Converting one-way streets into two-way streets has become an increasingly popular urban design tool over recent years by cities looking to slow down traffic, increase access and thus improve safety for pedestrians and bicyclists. Qualls has been a leading advocate for the implementation of a ‘Complete Streets’ policy that would also embody many of these things by ensuring that all modes of transportation are accounted for in the design of streets and the public right-of-way.

The press conference will be held at Kurelis Interiors on E. McMillan Street (map) in Walnut Hills at 11am. Also on hand will be Greg Loomis from Campus Management and Jeff Raser who is part of the Walnut Hills Working Group and has been lending professional assistance in the development of form-based codes around Cincinnati.

UPDATE: Following the press conference Qualls’ office released a motion that is co-sponsored by Jeff Berding, Chris Bortz, Laure Quinlivan and Cecil Thomas. The motion calls for city administration to develop an implementation plan for the two-way conversion of McMillan Street and William Howard Taft Road east of I-71 before City Council takes its summer recess. The motion also calls for city administration to deliver a report on the feasibility of converting McMillan and Taft west of I-71 to Clifton Avenue by September 2010.

Another critical part of the motion calls for the incorporation of several traffic calming measures that will make the streets safer for pedestrians, bicyclists and transit riders.

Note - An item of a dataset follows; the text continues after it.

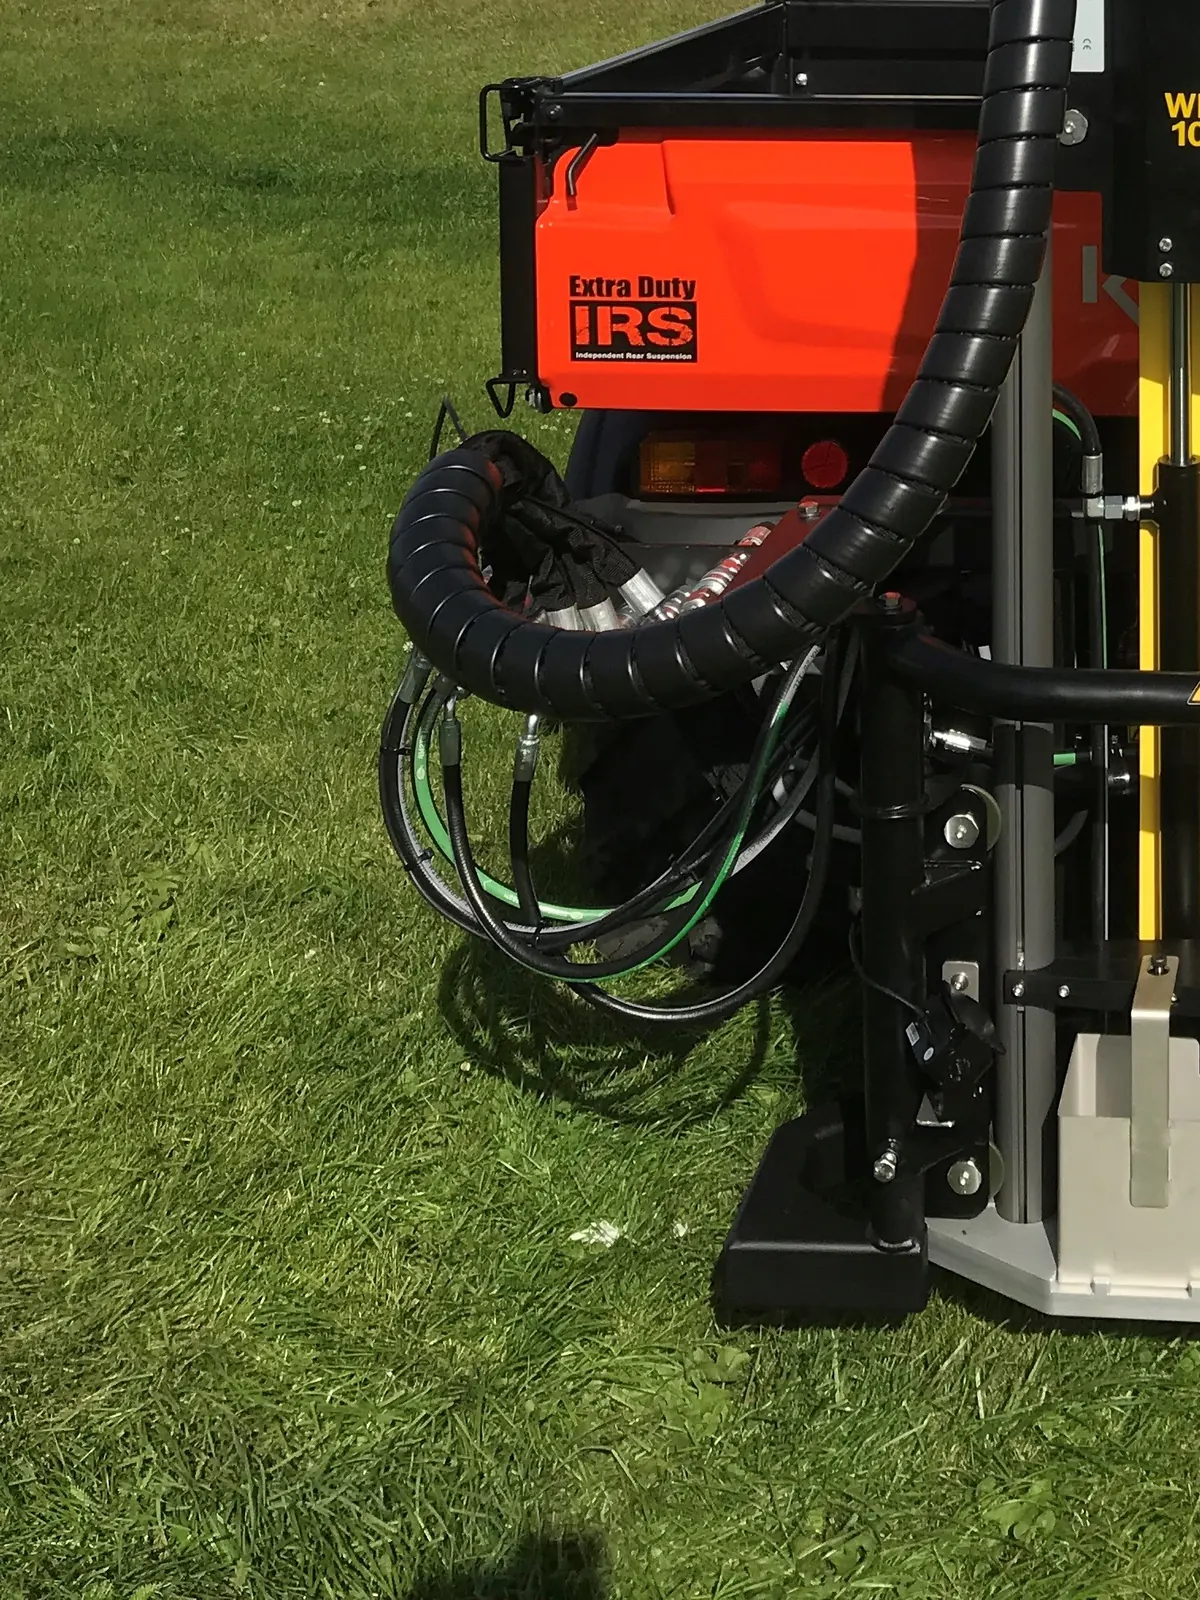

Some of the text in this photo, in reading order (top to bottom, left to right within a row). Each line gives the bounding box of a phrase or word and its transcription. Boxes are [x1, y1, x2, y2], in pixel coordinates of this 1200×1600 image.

[569, 275, 696, 301] Extra Duty
[575, 305, 694, 346] IRS
[575, 352, 692, 361] Independent Rear Suspension

Those improvements could potentially include landscaped medians, crosswalks, dedicated bicycle lanes, improved on-street parking design, wider sidewalks, bus pullouts, reduced traffic speeds and even the incorporation of roundabouts.

Photo taken by Laura Sandt.

  • Quim

    I am assuming this includes Calhoun, also?

  • Randy Simes

    Previous discussions about the two-way conversion have included the Calhoun Street portion of William Howard Taft Road.

  • Radarman

    She'll need support on this if the blockheaded responses to the Enquirer article are any indication. The very idea of interfering with a fast exit to Anderson Township sends readers into paroxysms of rage.

  • Travis Estell

    I hope to see the two-way conversion in Walnut Hills. However I'm also in favor of converting Taft and McMillian to two-way for their entire lengths and making them as pedestrian- and bike-friendly as possible.

  • steve-o

    As a resident, I was interested in reading the feedback on the Enquirer article. Not sure why I bothered. Much of the negativity there emerges anytime anything about the city is mentioned. Our community is tired of being used as a mere thoroughfare.

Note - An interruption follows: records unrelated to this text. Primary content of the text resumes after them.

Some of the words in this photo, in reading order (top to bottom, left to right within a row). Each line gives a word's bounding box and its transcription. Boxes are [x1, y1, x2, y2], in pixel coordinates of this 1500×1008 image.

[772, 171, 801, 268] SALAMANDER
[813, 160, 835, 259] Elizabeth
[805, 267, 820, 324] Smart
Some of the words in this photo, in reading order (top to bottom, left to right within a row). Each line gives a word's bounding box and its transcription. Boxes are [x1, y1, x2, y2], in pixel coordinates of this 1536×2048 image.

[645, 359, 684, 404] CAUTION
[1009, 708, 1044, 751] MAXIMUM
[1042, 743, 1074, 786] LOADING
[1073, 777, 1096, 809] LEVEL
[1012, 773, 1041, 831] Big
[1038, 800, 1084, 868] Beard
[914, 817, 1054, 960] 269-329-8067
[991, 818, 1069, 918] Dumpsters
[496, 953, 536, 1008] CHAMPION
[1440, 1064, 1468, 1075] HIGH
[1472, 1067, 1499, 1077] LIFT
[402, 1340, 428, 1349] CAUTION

    As we understand it, the feasibility study will be two-fold. The first one will deal with the Walnut Hills district, the second concerning the Uptown area (west of 71).

  • Randy Simes

    A good rule of thumb is to pretty much ignore the comment section on Enquirer stories. The Enquirer thrives off of the comment sections for traffic, and do very little to actually monitor what is said or done there.

    As a result, the majority of comments are filled with hatred…especially towards the city. It's pretty common all across America that those who live in more conservative suburban communities take out their frustrations towards the more progressive city centers of their region through this avenue along with talk radio.

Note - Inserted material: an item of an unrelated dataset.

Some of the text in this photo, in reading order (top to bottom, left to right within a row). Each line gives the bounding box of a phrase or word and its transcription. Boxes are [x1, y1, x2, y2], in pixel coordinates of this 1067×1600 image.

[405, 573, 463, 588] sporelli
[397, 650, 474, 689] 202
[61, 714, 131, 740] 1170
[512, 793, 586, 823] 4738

    Those comments are in no way representative of the Cincinnati region, and they are especially not representative of those living inside the city limits of Cincinnati or the neighborhoods to be affected by this proposal. I haven't conducted a scientific poll, but I would bet that most residents and business owners in and around this area would be supportive of this…and that is partially seen through the coalition of support that Qualls has already built in a relatively short time.

  • Jeffrey Jakucyk

    I'd be interested to see how exactly they plan to implement this. If done wrong, it would actually make the streets worse for cycling, because right now we have plenty of lanes to pick from to "take" without impeding vehicular traffic. If they just make the streets two-way with parking on both sides, it will be hugely worse for cycling since there's nowhere to go to be "out of the way."

    They'd have to do something like street parking on one side only with extra-wide lanes or striped bike lanes. They could treat Taft and McMillan differently from each other as far as parking and bikes go, but if they just paint a yellow line down the middle of each and turn some of the traffic signals around, it will be much harder to ride on those roads.

  • Leiflet

    I would LOVE this. I started biking up Lincoln (instead of MLK/Taft), which was a huge relief. I used to get honked at least once a week.

    I was surprised to find out that they were converted to one way streets just a few years ago. It seems so arcane, i just assumed it was a decades-old policy.